Your response should consist of the entries below, written out exactly.
[Start of section]
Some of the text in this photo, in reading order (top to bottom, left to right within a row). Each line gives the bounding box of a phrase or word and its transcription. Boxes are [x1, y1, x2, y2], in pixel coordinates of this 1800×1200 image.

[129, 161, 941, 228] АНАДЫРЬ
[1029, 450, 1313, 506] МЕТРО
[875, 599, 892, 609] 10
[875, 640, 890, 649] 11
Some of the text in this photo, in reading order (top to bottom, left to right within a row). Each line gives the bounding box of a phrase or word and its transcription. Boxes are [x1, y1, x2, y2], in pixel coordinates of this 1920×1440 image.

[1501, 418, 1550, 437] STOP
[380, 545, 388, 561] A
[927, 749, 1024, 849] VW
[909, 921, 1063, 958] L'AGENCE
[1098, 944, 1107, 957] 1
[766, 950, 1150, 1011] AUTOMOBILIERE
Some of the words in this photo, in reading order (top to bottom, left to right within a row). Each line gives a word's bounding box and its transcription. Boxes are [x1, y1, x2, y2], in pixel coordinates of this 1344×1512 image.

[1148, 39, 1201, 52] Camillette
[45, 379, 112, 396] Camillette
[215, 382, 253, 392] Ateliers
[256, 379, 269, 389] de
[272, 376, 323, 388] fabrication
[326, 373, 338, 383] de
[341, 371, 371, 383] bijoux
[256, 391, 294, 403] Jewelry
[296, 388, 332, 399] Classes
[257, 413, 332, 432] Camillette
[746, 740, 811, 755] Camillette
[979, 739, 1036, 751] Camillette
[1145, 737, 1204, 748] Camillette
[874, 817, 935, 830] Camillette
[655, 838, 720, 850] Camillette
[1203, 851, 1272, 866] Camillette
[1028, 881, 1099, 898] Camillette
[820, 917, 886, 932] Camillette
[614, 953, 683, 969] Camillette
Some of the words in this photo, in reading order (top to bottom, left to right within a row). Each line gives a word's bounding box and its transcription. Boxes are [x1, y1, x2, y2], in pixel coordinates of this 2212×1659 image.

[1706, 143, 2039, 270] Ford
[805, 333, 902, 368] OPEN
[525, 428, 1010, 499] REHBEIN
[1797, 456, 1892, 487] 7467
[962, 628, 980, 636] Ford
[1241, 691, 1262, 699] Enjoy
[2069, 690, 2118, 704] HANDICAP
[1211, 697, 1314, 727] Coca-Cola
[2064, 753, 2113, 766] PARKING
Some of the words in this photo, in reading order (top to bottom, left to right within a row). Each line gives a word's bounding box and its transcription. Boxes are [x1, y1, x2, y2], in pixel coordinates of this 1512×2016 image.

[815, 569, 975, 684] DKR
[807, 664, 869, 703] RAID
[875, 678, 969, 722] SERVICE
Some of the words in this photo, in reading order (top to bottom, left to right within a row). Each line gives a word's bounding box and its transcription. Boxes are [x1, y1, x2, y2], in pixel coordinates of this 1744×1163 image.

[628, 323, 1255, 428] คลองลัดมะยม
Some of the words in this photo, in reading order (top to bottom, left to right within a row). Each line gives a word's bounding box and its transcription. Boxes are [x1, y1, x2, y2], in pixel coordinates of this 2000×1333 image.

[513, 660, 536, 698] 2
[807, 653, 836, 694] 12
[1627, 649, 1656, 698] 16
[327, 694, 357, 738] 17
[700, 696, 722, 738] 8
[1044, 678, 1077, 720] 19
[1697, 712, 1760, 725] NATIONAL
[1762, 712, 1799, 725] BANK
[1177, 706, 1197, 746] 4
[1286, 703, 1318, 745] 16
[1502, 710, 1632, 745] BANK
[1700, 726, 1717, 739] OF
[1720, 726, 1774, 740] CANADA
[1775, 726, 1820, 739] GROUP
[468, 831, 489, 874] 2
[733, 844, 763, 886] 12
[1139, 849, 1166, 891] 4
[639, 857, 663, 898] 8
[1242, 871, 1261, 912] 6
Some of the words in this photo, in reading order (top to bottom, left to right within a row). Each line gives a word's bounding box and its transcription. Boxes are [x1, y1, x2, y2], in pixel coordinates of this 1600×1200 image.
[End of section]
ANSWER AREA >>
Some of the text in this photo, in reading order (top to bottom, left to right within a row). Each line gives the bounding box of a phrase or word and its transcription. Boxes are [x1, y1, x2, y2], in pixel coordinates of this 1800×1200 image.

[129, 161, 941, 228] АНАДЫРЬ
[1029, 450, 1313, 506] МЕТРО
[875, 599, 892, 609] 10
[875, 640, 890, 649] 11
Some of the text in this photo, in reading order (top to bottom, left to right within a row). Each line gives the bounding box of a phrase or word and its transcription. Boxes are [x1, y1, x2, y2], in pixel coordinates of this 1920×1440 image.

[1501, 418, 1550, 437] STOP
[380, 545, 388, 561] A
[927, 749, 1024, 849] VW
[909, 921, 1063, 958] L'AGENCE
[1098, 944, 1107, 957] 1
[766, 950, 1150, 1011] AUTOMOBILIERE
Some of the words in this photo, in reading order (top to bottom, left to right within a row). Each line gives a word's bounding box and its transcription. Boxes are [x1, y1, x2, y2], in pixel coordinates of this 1344×1512 image.

[1148, 39, 1201, 52] Camillette
[45, 379, 112, 396] Camillette
[215, 382, 253, 392] Ateliers
[256, 379, 269, 389] de
[272, 376, 323, 388] fabrication
[326, 373, 338, 383] de
[341, 371, 371, 383] bijoux
[256, 391, 294, 403] Jewelry
[296, 388, 332, 399] Classes
[257, 413, 332, 432] Camillette
[746, 740, 811, 755] Camillette
[979, 739, 1036, 751] Camillette
[1145, 737, 1204, 748] Camillette
[874, 817, 935, 830] Camillette
[655, 838, 720, 850] Camillette
[1203, 851, 1272, 866] Camillette
[1028, 881, 1099, 898] Camillette
[820, 917, 886, 932] Camillette
[614, 953, 683, 969] Camillette
Some of the words in this photo, in reading order (top to bottom, left to right within a row). Each line gives a word's bounding box and its transcription. Boxes are [x1, y1, x2, y2], in pixel coordinates of this 2212×1659 image.

[1706, 143, 2039, 270] Ford
[805, 333, 902, 368] OPEN
[525, 428, 1010, 499] REHBEIN
[1797, 456, 1892, 487] 7467
[962, 628, 980, 636] Ford
[1241, 691, 1262, 699] Enjoy
[2069, 690, 2118, 704] HANDICAP
[1211, 697, 1314, 727] Coca-Cola
[2064, 753, 2113, 766] PARKING
Some of the words in this photo, in reading order (top to bottom, left to right within a row). Each line gives a word's bounding box and its transcription. Boxes are [x1, y1, x2, y2], in pixel coordinates of this 1512×2016 image.

[815, 569, 975, 684] DKR
[807, 664, 869, 703] RAID
[875, 678, 969, 722] SERVICE
Some of the words in this photo, in reading order (top to bottom, left to right within a row). Each line gives a word's bounding box and its transcription. Boxes are [x1, y1, x2, y2], in pixel coordinates of this 1744×1163 image.

[628, 323, 1255, 428] คลองลัดมะยม
Some of the words in this photo, in reading order (top to bottom, left to right within a row). Each line gives a word's bounding box and its transcription. Boxes are [x1, y1, x2, y2], in pixel coordinates of this 2000×1333 image.

[513, 660, 536, 698] 2
[807, 653, 836, 694] 12
[1627, 649, 1656, 698] 16
[327, 694, 357, 738] 17
[700, 696, 722, 738] 8
[1044, 678, 1077, 720] 19
[1697, 712, 1760, 725] NATIONAL
[1762, 712, 1799, 725] BANK
[1177, 706, 1197, 746] 4
[1286, 703, 1318, 745] 16
[1502, 710, 1632, 745] BANK
[1700, 726, 1717, 739] OF
[1720, 726, 1774, 740] CANADA
[1775, 726, 1820, 739] GROUP
[468, 831, 489, 874] 2
[733, 844, 763, 886] 12
[1139, 849, 1166, 891] 4
[639, 857, 663, 898] 8
[1242, 871, 1261, 912] 6
Some of the words in this photo, in reading order (top to bottom, left to right within a row). Each line gives a word's bounding box and its transcription. Boxes are [x1, y1, x2, y2], in pixel coordinates of this 1600×1200 image.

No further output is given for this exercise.